This is the area around his stump

This is the area around his stump

My dog has a recurring hot spot/rash on his rear end that I'm hoping you can help with.


"Crash" is a Shepherd/Collie mix, neutered male, 6 years old. When he was just 8 weeks old, he was thrown from a moving car. His back right leg was smashed to pieces, but the vet tried to pin it, which failed, and resulted in amputation.

Last October, he began chewing at his anal area, and within a couple of days, his whole bum was red and raw. I took him to the vet, and she did a skin scraping to make sure there was no mange. She thought it may be allergies.

He was put on a 14 day dose of Clavamox and Venectyl P. It did help and within 2 weeks he was back to normal. Just about a month ago, I noticed he started licking at his stump, which then turned into the same thing that had happened back in October, it got all red and raw.

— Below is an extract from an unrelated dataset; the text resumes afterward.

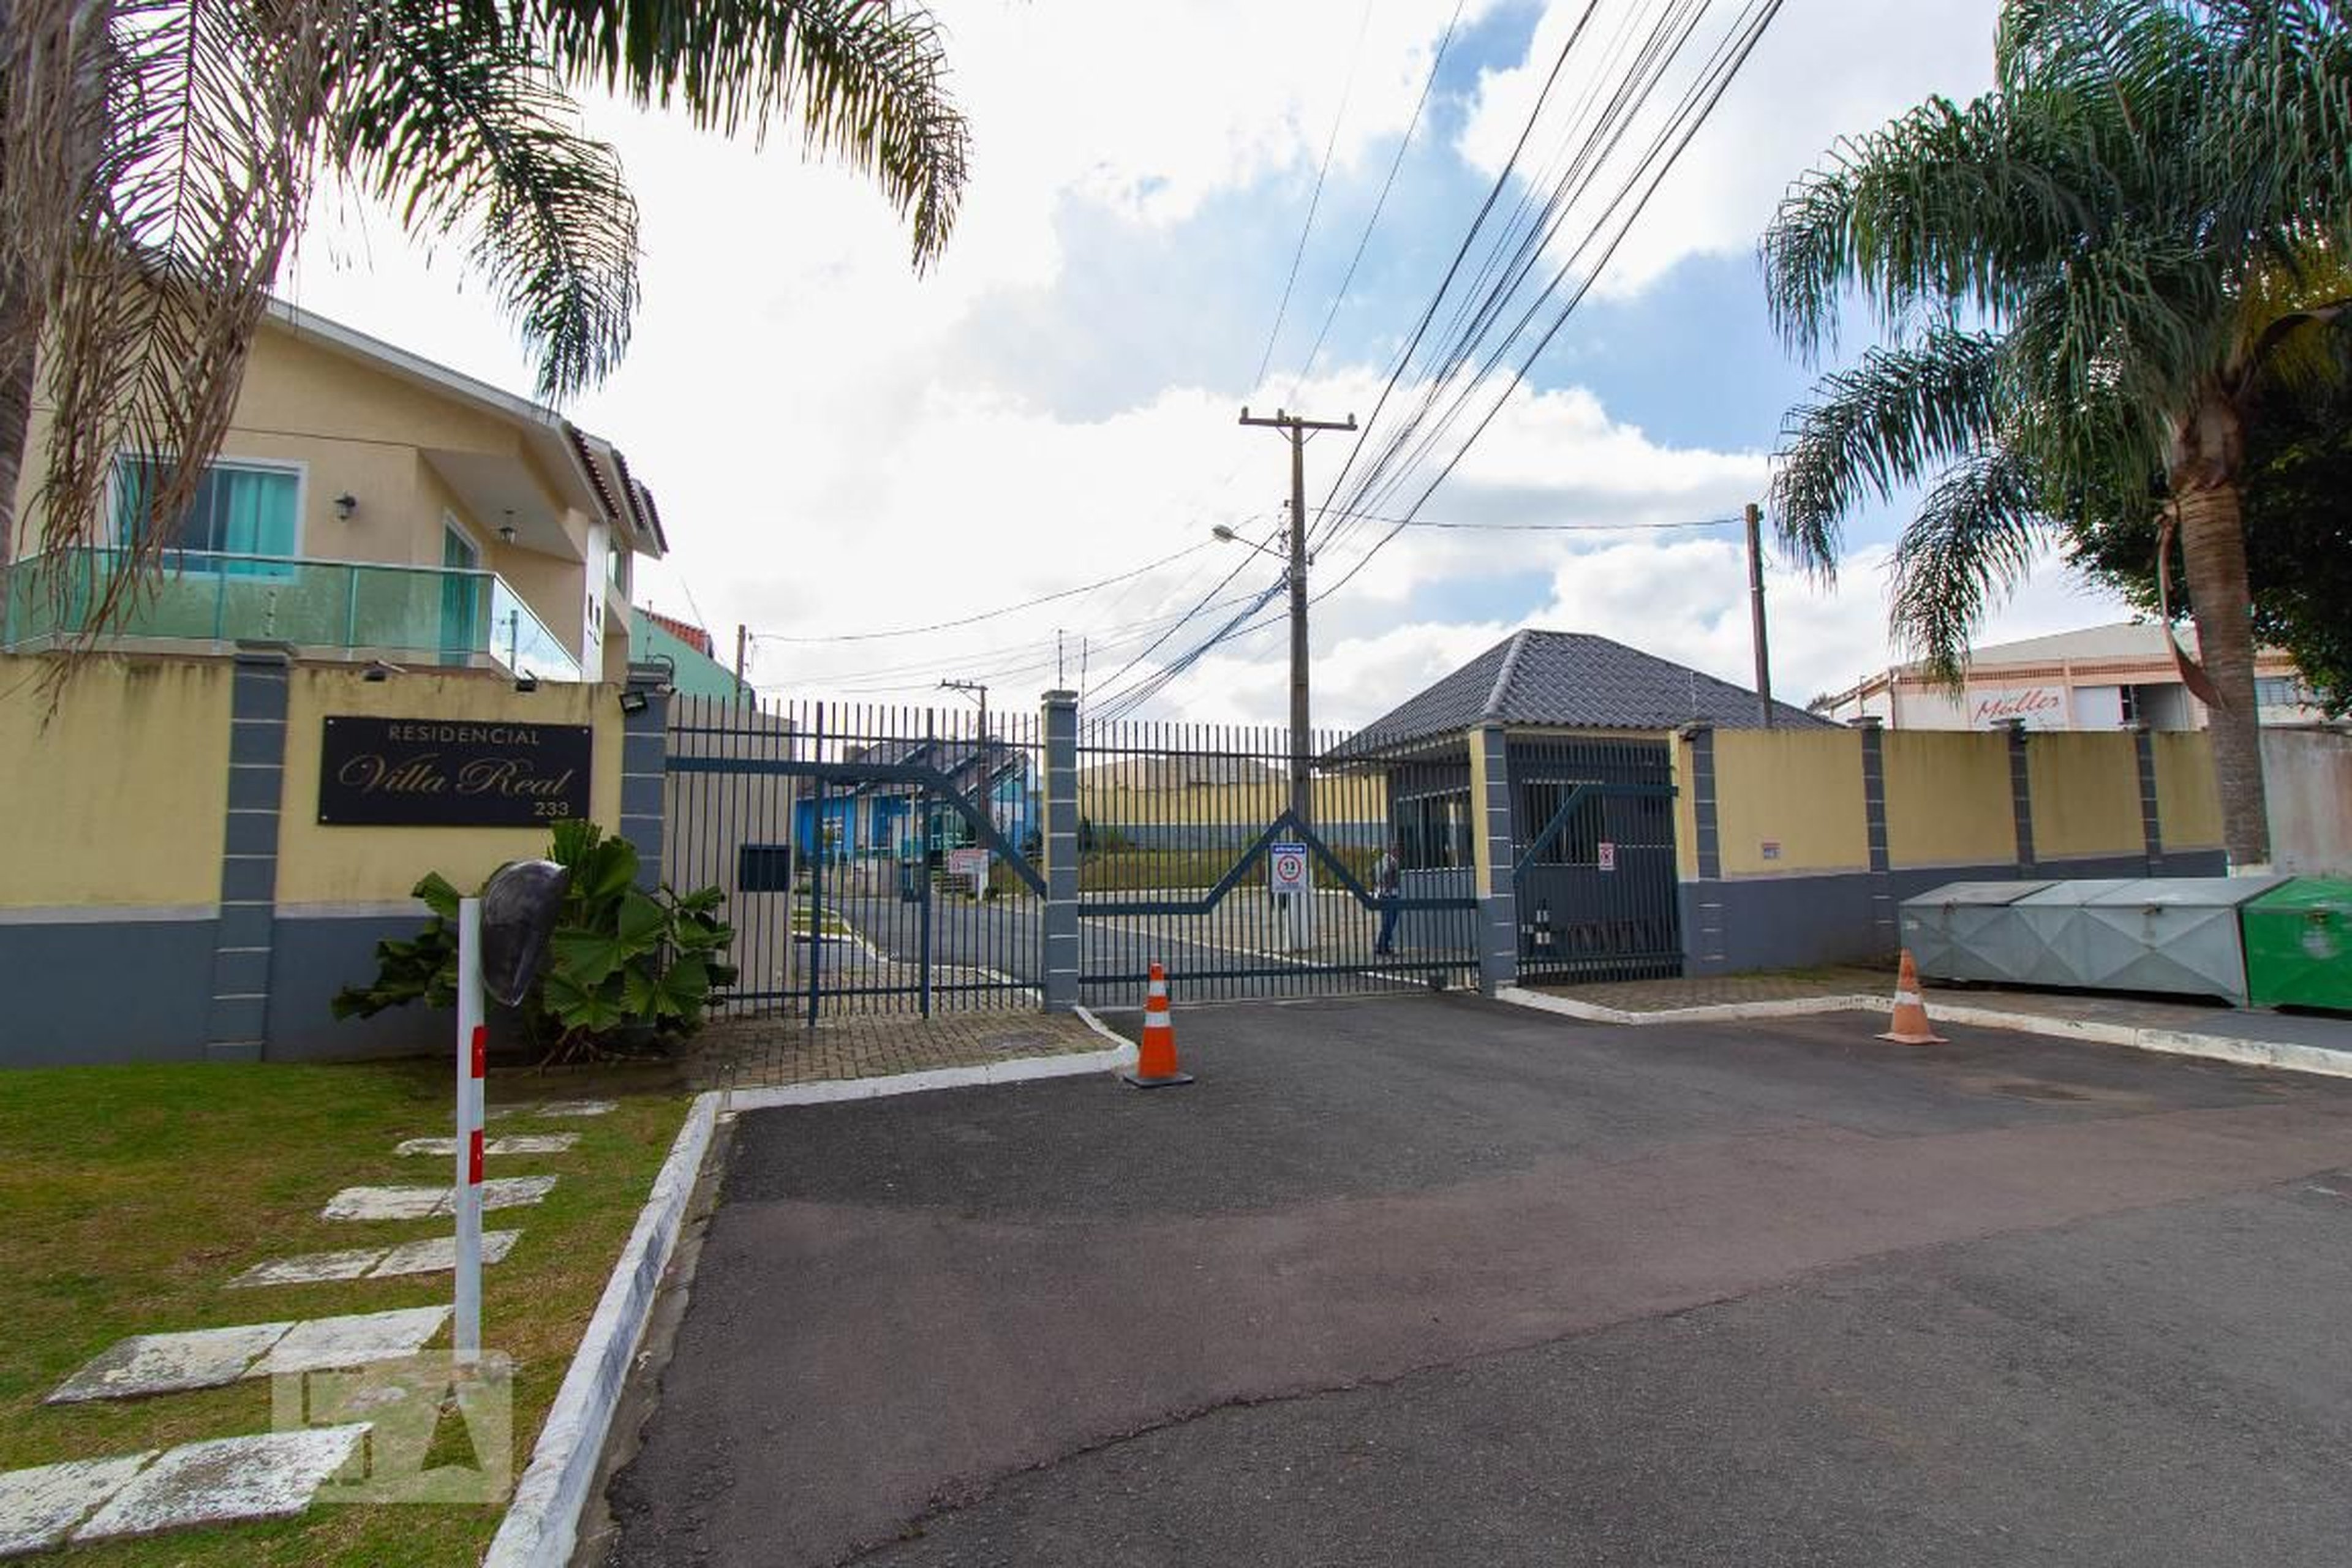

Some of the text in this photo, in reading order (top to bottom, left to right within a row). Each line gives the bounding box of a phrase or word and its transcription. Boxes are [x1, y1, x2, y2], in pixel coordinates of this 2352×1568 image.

[388, 725, 540, 745] RESIDENCIAL
[339, 753, 573, 796] Villa Real
[533, 801, 570, 816] 233

I took him back to the vet, and she again thought it was allergies. This time he was just put on Clavamox, not Venectyl P. I thought it was getting better, and the red spot is getting smaller, but just today I noticed the red bumps.

I thought it may be a dog food allergy, so I've changed him from beef and chicken to lamb and fish. I did give him benedryl today and yesterday, 2 tablets both times, and it did cut him down on the licking and scratching.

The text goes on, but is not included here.